Site-specific phosphorylation of phosducin in intact retina. Dynamics of phosphorylation and effects on G protein beta gamma dimer binding.


Phosducin (Pdc) is a G protein beta gamma dimer (G beta gamma) binding protein, highly expressed in retinal photoreceptor and pineal cells, yet whose physiological role remains elusive. Light controls the phosphorylation of Pdc in a cAMP and Ca(2+)-dependent manner, and phosphorylation in turn regulates the binding of Pdc to G(t)beta gamma or 14-3-3 proteins in vitro. To directly examine the phosphorylation of Pdc in intact retina, we prepared antibodies specific to the three principal phosphorylation sites (Ser-54, Ser-73, and Ser-106) and measured the kinetics of phosphorylation/dephosphorylation during light/dark adaptation and the subsequent effects on G(t)beta gamma binding.
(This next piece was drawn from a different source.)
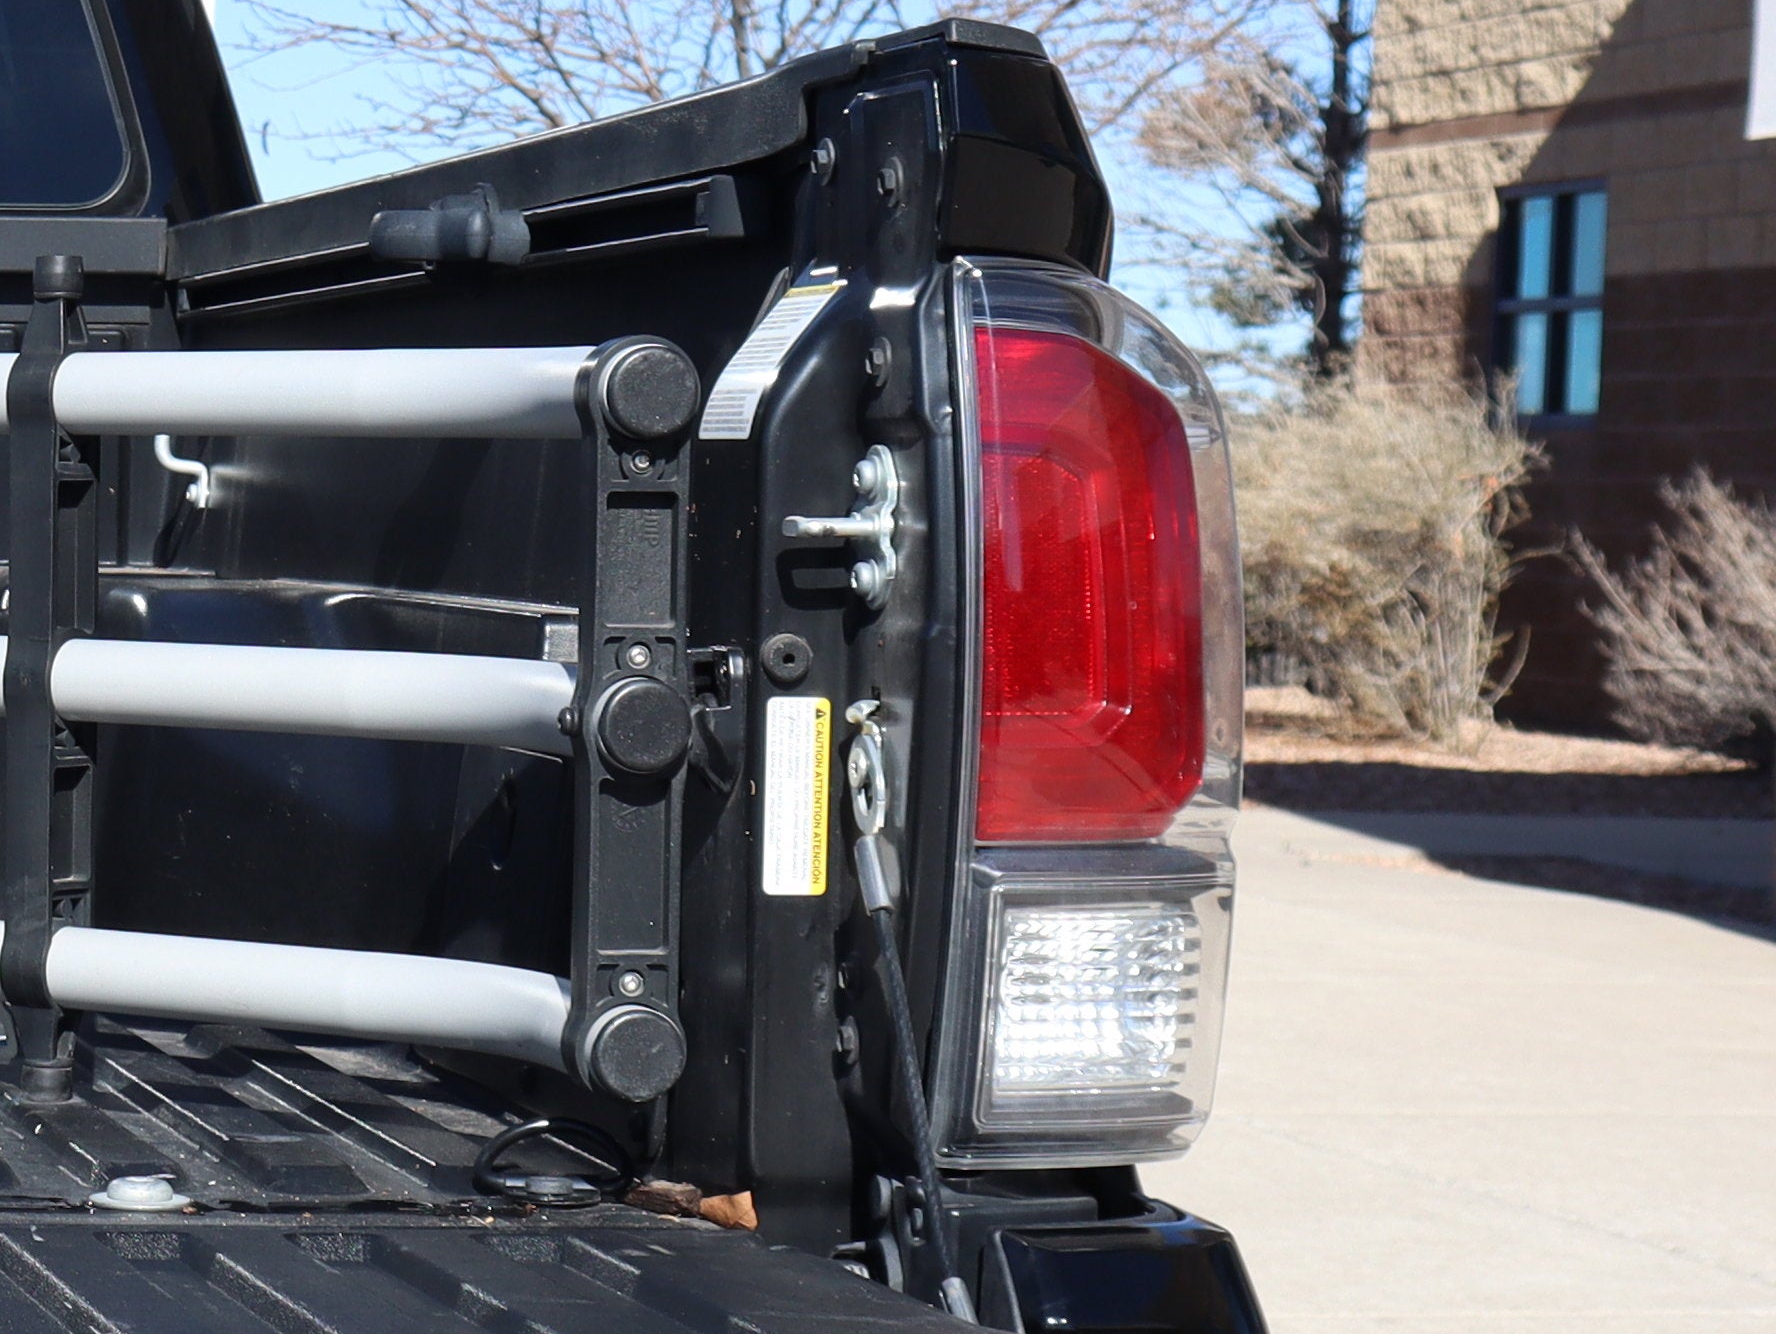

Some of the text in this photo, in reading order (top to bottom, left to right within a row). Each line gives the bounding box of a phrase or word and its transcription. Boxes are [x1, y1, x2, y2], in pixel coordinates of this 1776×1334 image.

Ser-54 phosphorylation increased slowly (t((1/2)) approximately 90 min) during dark adaptation to approximately 70% phosphorylated and decreased rapidly (t((1/2)) approximately 2 min) during light adaptation to less than 20% phosphorylated. Ser-73 phosphorylation increased much faster during dark adaptation (t((1/2)) approximately 3 min) to approximately 50% phosphorylated and decreased more slowly during light adaptation (t((1/2)) approximately 9 min) to less than 20% phosphorylated. The Ca(2+) chelator BAPTA-AM blocked Ser-54 phosphorylation during dark adaptation but had no effect on Ser-73 phosphorylation. In contrast, Ser-106 was not phosphorylated in either the light or dark. Importantly, G beta gamma binding to Pdc was enhanced by Ca(2+) chelation and the binding kinetics closely paralleled those of Ser-54 dephosphorylation, indicating that Ser-54 phosphorylation controls G(t)beta gamma binding in vivo. These results suggest a pivotal role of Ser-54 and Ser-73 phosphorylation in determining the interactions of Pdc with its binding partners, G(t)beta gamma and 14-3-3 protein, which may regulate the light-dependent translocation of the photoreceptor G protein.